Materials provided:

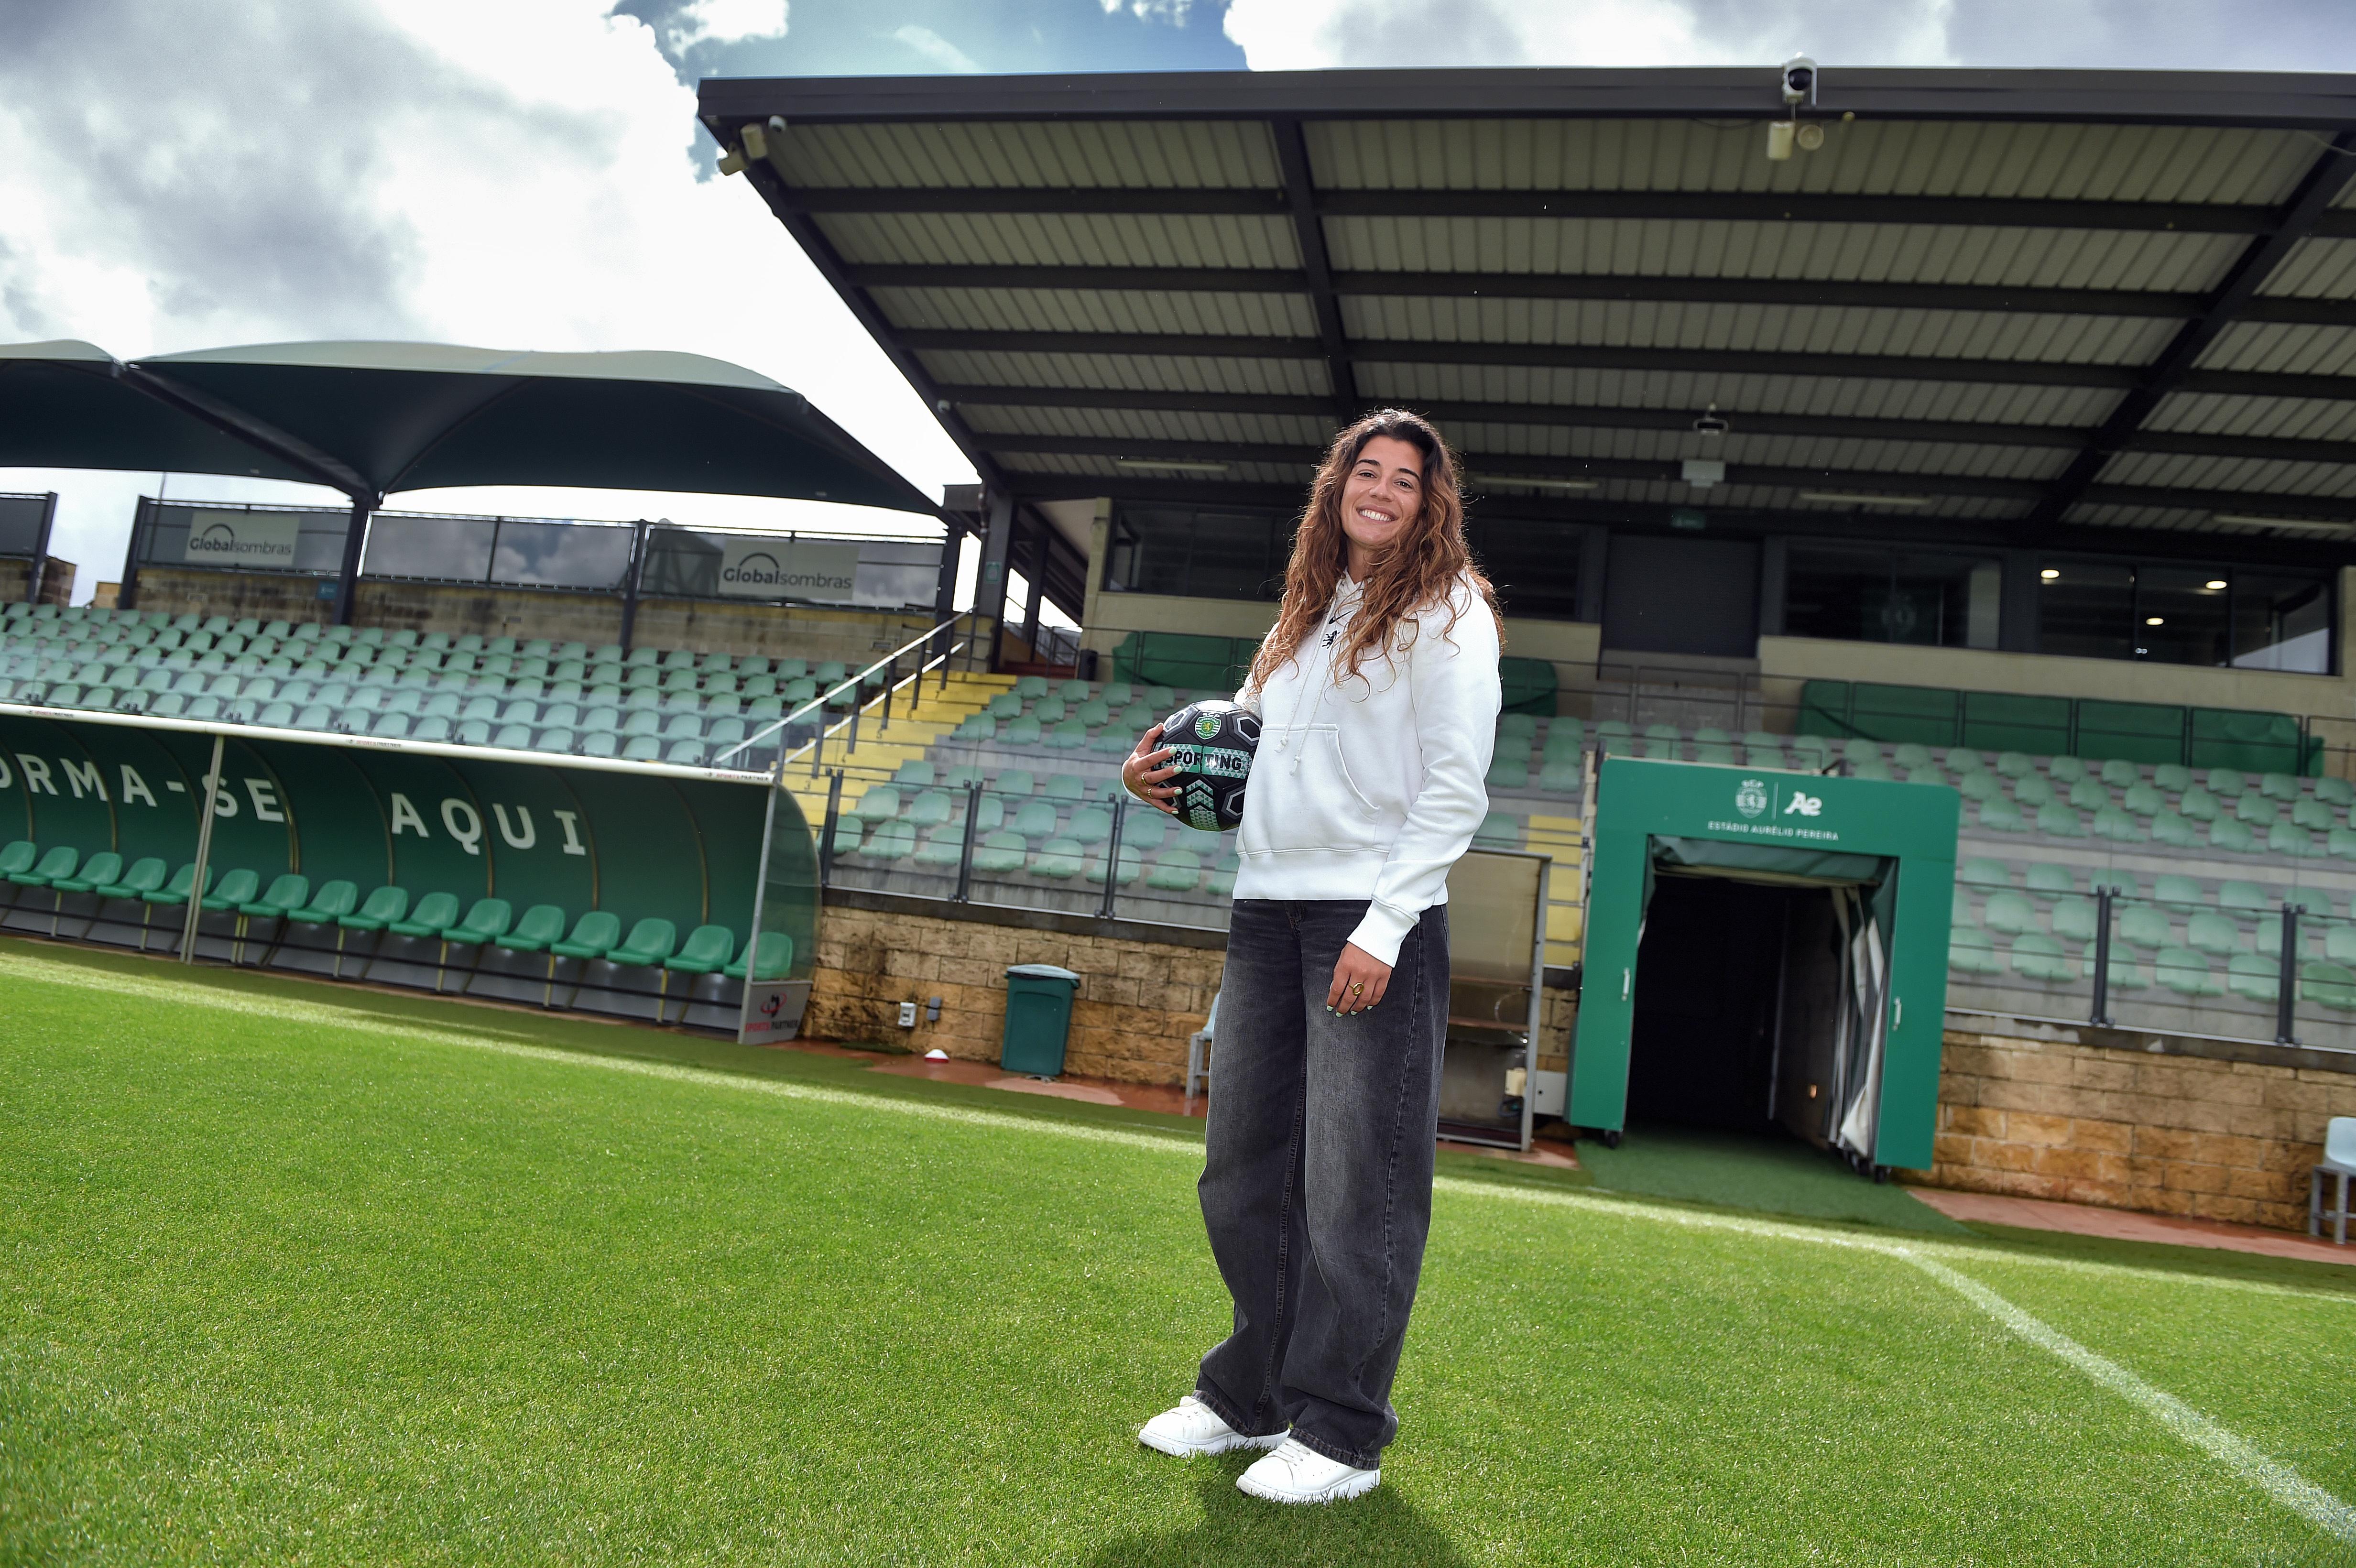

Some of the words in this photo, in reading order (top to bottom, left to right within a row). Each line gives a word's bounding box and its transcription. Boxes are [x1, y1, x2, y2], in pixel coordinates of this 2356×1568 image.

==

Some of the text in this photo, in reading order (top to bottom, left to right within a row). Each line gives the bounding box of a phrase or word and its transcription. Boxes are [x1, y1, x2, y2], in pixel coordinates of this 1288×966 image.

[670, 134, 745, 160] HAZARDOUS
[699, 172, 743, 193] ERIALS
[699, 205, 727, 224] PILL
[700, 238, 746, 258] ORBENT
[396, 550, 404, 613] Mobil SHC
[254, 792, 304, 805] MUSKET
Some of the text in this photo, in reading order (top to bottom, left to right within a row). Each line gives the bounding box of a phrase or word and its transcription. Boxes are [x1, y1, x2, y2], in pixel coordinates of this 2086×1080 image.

--

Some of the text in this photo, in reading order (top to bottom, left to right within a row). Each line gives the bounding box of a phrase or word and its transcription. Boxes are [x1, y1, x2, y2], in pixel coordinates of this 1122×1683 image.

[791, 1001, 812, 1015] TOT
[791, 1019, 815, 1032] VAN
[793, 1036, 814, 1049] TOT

Task:
Scan the lines above for "this 1288×966 image." and for "this 2086×1080 image.". Repeat exactly the line holding each of them and every line in between.

Response below:
Some of the text in this photo, in reading order (top to bottom, left to right within a row). Each line gives the bounding box of a phrase or word and its transcription. Boxes are [x1, y1, x2, y2], in pixel coordinates of this 1288×966 image.

[670, 134, 745, 160] HAZARDOUS
[699, 172, 743, 193] ERIALS
[699, 205, 727, 224] PILL
[700, 238, 746, 258] ORBENT
[396, 550, 404, 613] Mobil SHC
[254, 792, 304, 805] MUSKET
Some of the text in this photo, in reading order (top to bottom, left to right within a row). Each line gives the bounding box of a phrase or word and its transcription. Boxes are [x1, y1, x2, y2], in pixel coordinates of this 2086×1080 image.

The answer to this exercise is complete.